-- Opening Marker --

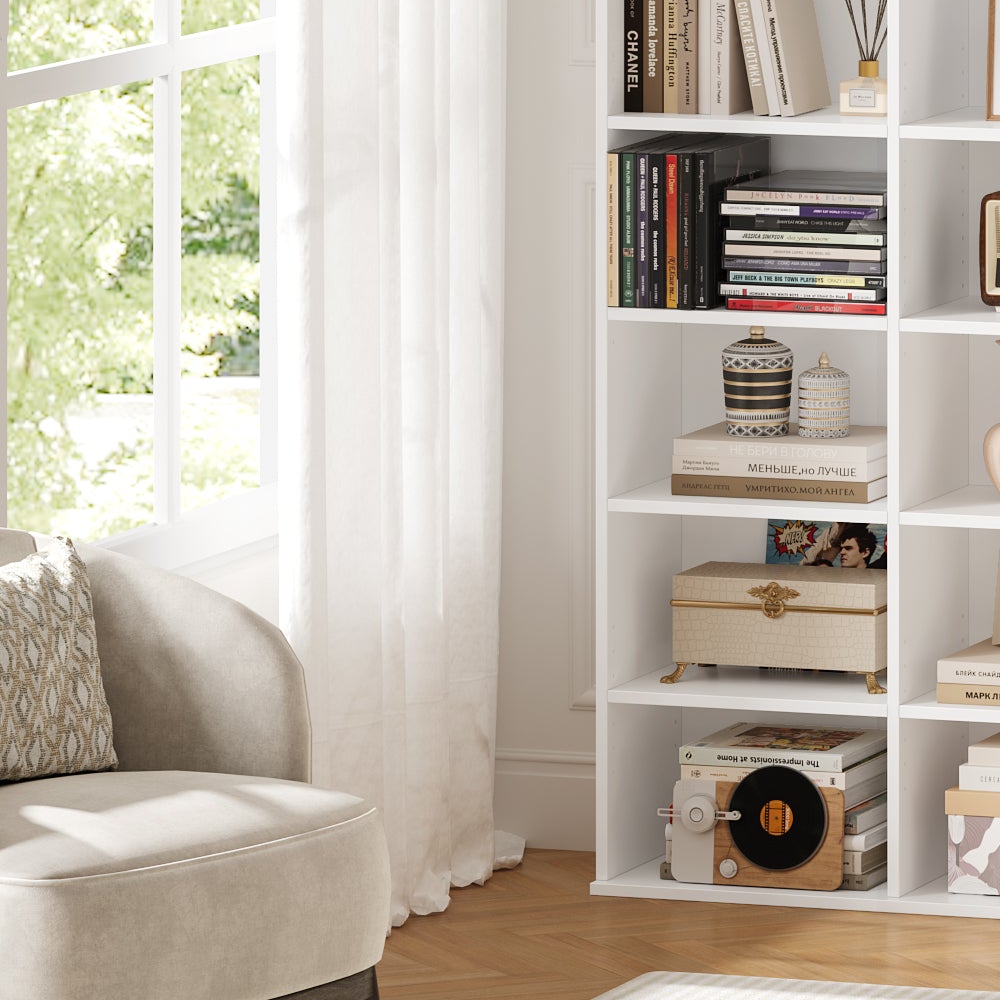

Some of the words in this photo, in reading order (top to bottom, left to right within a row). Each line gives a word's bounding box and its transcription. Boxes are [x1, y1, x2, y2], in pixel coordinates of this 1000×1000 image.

[648, 0, 658, 37] amanda
[714, 2, 726, 46] McCartney
[737, 1, 754, 46] СПАСИТЕ
[627, 30, 639, 93] CHANEL
[648, 39, 659, 78] lovelace
[666, 32, 678, 88] Huffington
[744, 46, 762, 88] КОТИКА!
[742, 232, 761, 240] JESSICA
[729, 445, 745, 455] НЕ
[747, 446, 778, 457] БЕРИ
[780, 447, 789, 457] В
[790, 447, 839, 459] ГОЛОВУ
[817, 466, 857, 477] ЛУЧШЕ
[823, 488, 855, 497] АНГЕЛ
[955, 669, 977, 677] БЛЕЙК
[965, 691, 991, 700] МАРК
[717, 754, 738, 763] Home
[750, 755, 804, 767] Impressionists
[806, 759, 820, 768] The

-- Closing Marker --

PROBLEM TO WORK ON: Reproduce each entry precisely; the pictures stay out.

WRITTEN SOLUTION:
Some of the words in this photo, in reading order (top to bottom, left to right within a row). Each line gives a word's bounding box and its transcription. Boxes are [x1, y1, x2, y2], in pixel coordinates of this 1000×1000 image.

[648, 0, 658, 37] amanda
[714, 2, 726, 46] McCartney
[737, 1, 754, 46] СПАСИТЕ
[627, 30, 639, 93] CHANEL
[648, 39, 659, 78] lovelace
[666, 32, 678, 88] Huffington
[744, 46, 762, 88] КОТИКА!
[742, 232, 761, 240] JESSICA
[729, 445, 745, 455] НЕ
[747, 446, 778, 457] БЕРИ
[780, 447, 789, 457] В
[790, 447, 839, 459] ГОЛОВУ
[817, 466, 857, 477] ЛУЧШЕ
[823, 488, 855, 497] АНГЕЛ
[955, 669, 977, 677] БЛЕЙК
[965, 691, 991, 700] МАРК
[717, 754, 738, 763] Home
[750, 755, 804, 767] Impressionists
[806, 759, 820, 768] The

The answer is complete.